Apple’s iOS 27 is shaping up to be a familiar kind of Apple story: a big yearly software refresh that still leaves a few older iPhones behind. Based on the current leak, four devices are expected to miss the cut – the iPhone 11, iPhone 11 Pro, iPhone 11 Pro Max, and iPhone SE (2nd generation) – even though they should keep getting iOS 26 security updates for a while.
This kind of cutoff is usually less about Apple being dramatic and more about the slow march of hardware limits. The latest reporting says iOS 27 should work on iPhone 12 models and newer, while the biggest new Siri changes may be reserved for iPhone 15 Pro and newer because they depend on Apple Intelligence. That split matters because it shows Apple is now dividing support in two ways: basic OS compatibility on one side, and the more demanding AI features on the other.
The iPhone 11 family and the second-gen iPhone SE are all aging into that awkward zone where they still feel usable, but not quite future-proof enough for Apple’s newest software ambitions. The timing also lines up with Apple’s usual pattern of trimming support for older hardware ahead of a major feature cycle, especially when the update is expected to lean hard into AI and Siri changes.
What makes iOS 27 interesting is that it does not sound like a flashy, feature-packed overhaul in the old sense. Reports point to a more focused release, with Apple leaning toward stability improvements, polish, and a new Siri experience rather than a giant visual redesign. That is very much in the spirit of Apple making sure the software feels faster and smarter before it feels bigger.
The new Siri angle is the real reason older phones are getting squeezed. A more personal, chatbot-style Siri that can understand context, act across apps, and use Apple Intelligence is much heavier than the old voice assistant model. In plain terms, Apple appears to be drawing a line where older iPhones can still run the operating system, but not necessarily the features that define it.
For owners of the iPhone 11 and the 2020 SE, this would be the moment when a once-solid upgrade path finally ends.
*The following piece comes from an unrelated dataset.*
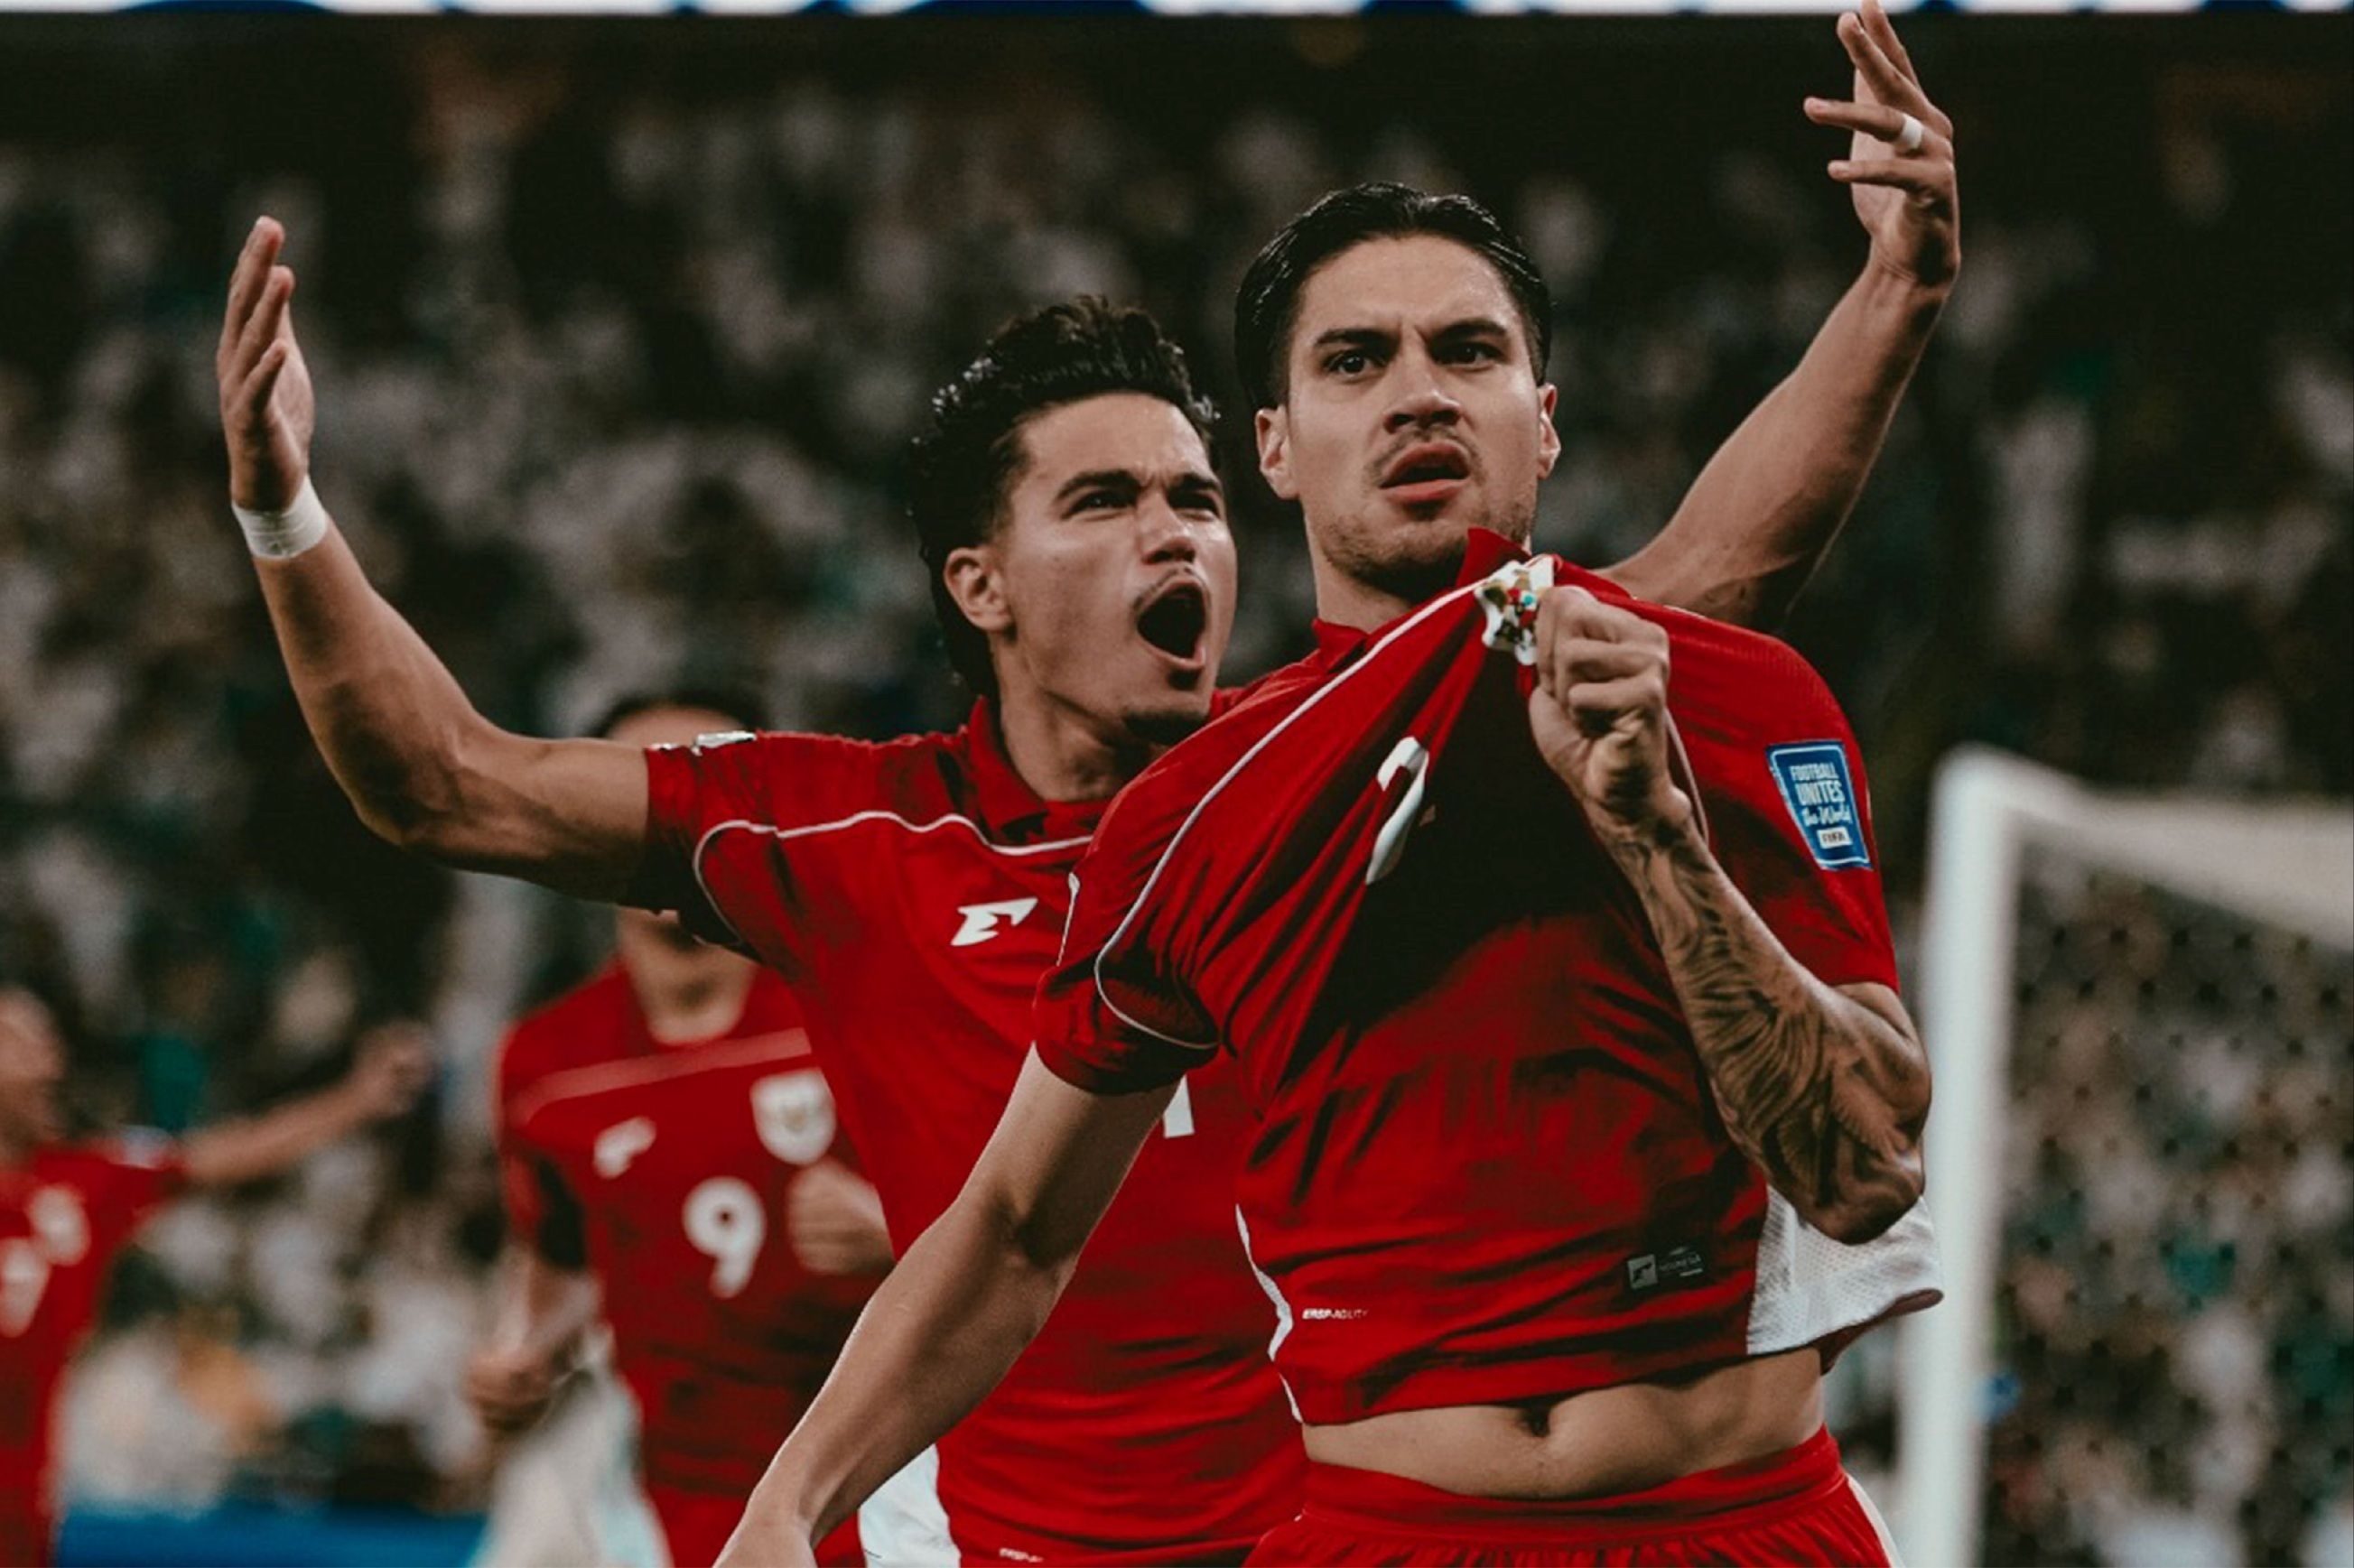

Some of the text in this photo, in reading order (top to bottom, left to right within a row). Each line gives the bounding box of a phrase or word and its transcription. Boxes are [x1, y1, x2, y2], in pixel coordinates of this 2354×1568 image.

[1789, 761, 1839, 782] FOOTBALL
[1794, 780, 1846, 806] UNITES
[684, 1176, 767, 1298] 9
That does not instantly make the phones useless, of course, because Apple typically keeps security support alive for older versions for some time. But it does mean those users would be stuck on the previous generation of iOS while newer iPhones get the next wave of features.
That difference can start to matter in subtle ways. Over time, app developers often optimize for the latest versions first, and new Apple Intelligence-powered features could become a bigger part of the iPhone experience than many users expect. So even if a phone still works fine today, losing the newest OS can slowly become a software and ecosystem problem, not just a bragging-rights problem.